When we are working, the expectation is that colleagues will adhere to the normal workday for their time zone, but some people have young kids, elderly parents or hobbies they slot into their day.
All this is fine, as long as we deliver superb work for our 70 or so global clients and members (which we do).
3. Efficient working becomes natural
Overall, we work free of office politics, pointless meetings and wasted time. It is far easier to organize your day as you wish: quiet time to write, pre-set meetings using Skype or Webex, phone calls as needed and a steady stream of instant messages to stay in touch with few distractions.
The digital workplace is a connected world, and that makes grabbing reports, data and contact details easy and fast. We work far more efficiently than most people stationed in an office or using a hybrid office/remote combination.
4. It is environmentally better, saves travel time and allows a company to “tread lightly.”
Think of the commutes we have avoided for a 60-person company over three years. Consider the office maintenance and power we have not needed.
Yes, we need to be warm and powered wherever we work, but the extra energy needed is far less than that required by a 3,000-square-foot office in London or New York. We consume what we need and we waste little, and that feels like a way of working suited to this century.
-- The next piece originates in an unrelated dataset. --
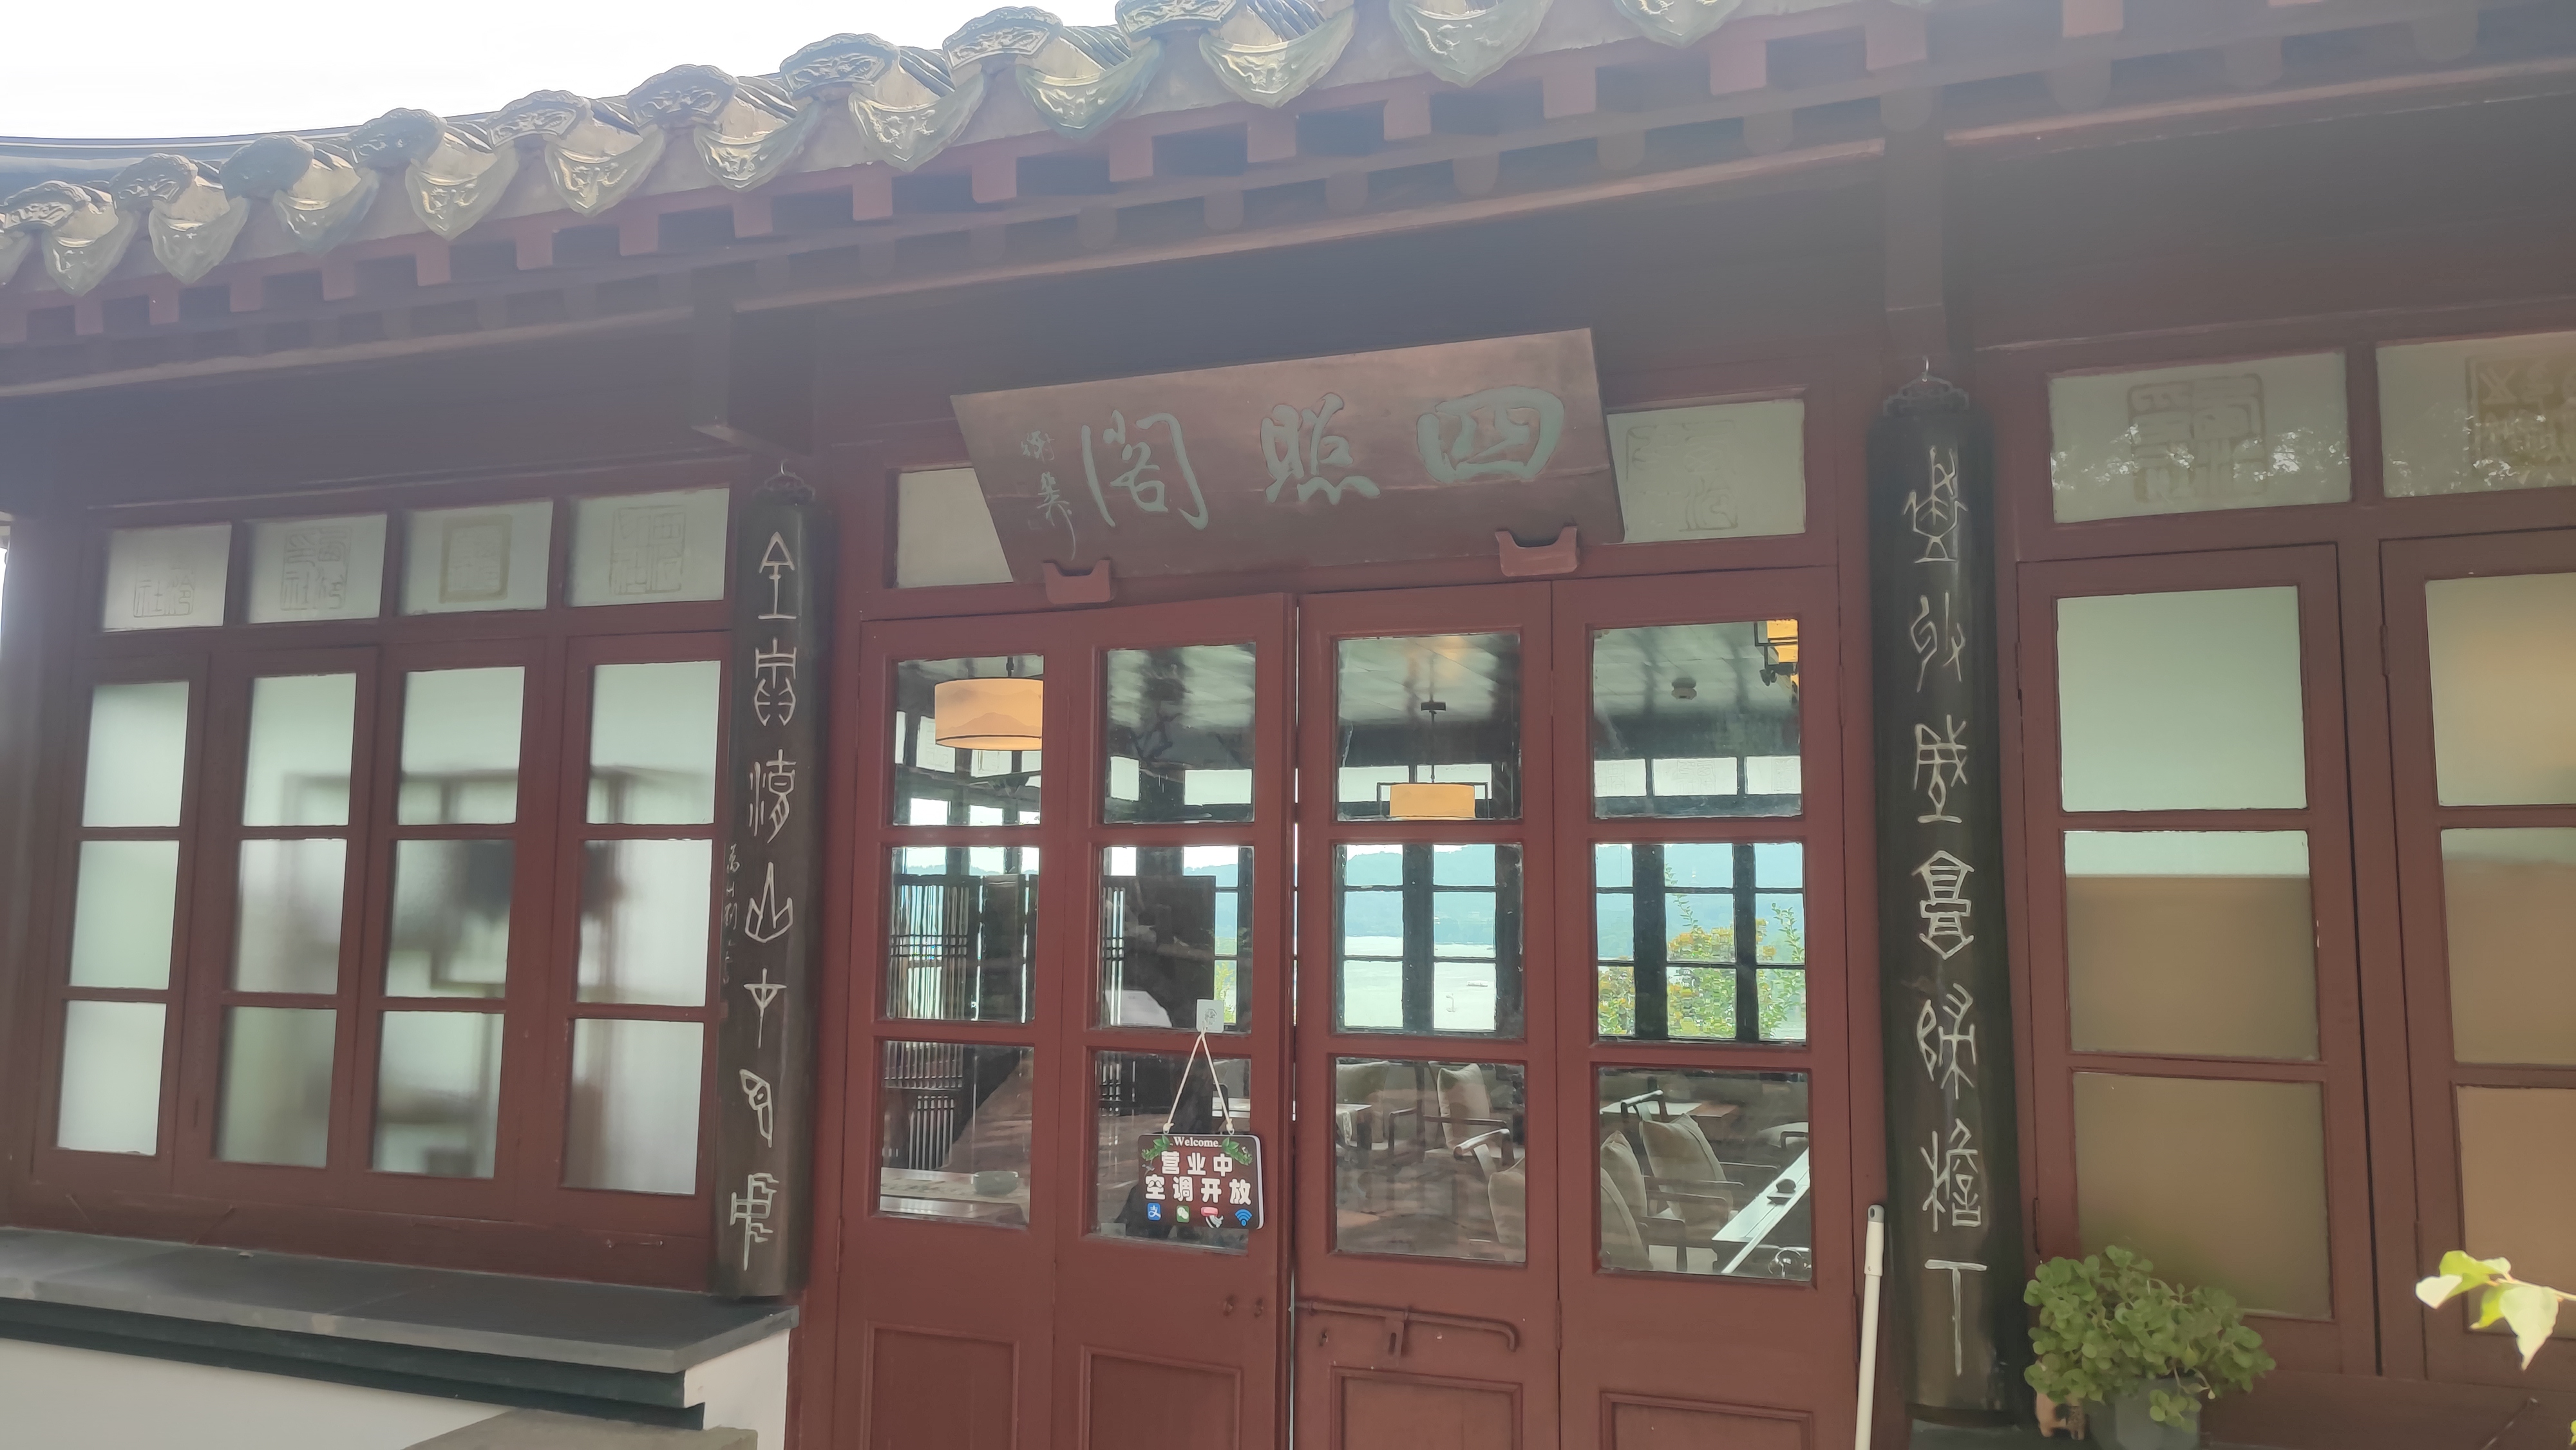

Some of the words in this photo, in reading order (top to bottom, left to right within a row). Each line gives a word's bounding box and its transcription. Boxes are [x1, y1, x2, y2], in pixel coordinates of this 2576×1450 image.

5. This is a future office, enabled by the digital renaissance of work.
Work has long been defined by location—from hunter/gatherers to farmers to factory workers and retail clerks—and now is being defined by our newfound mobility. We require a fixed location less and less. Work has left the office and become mobile, no matter whether we like that notion or not.
Work will happen wherever people can work, and their choices increasingly will define location. The trajectory for grand, newly designed offices is not good. Through this century, they will probably become white elephants.
DWG is just an early adopter and experimenter in this new way of working.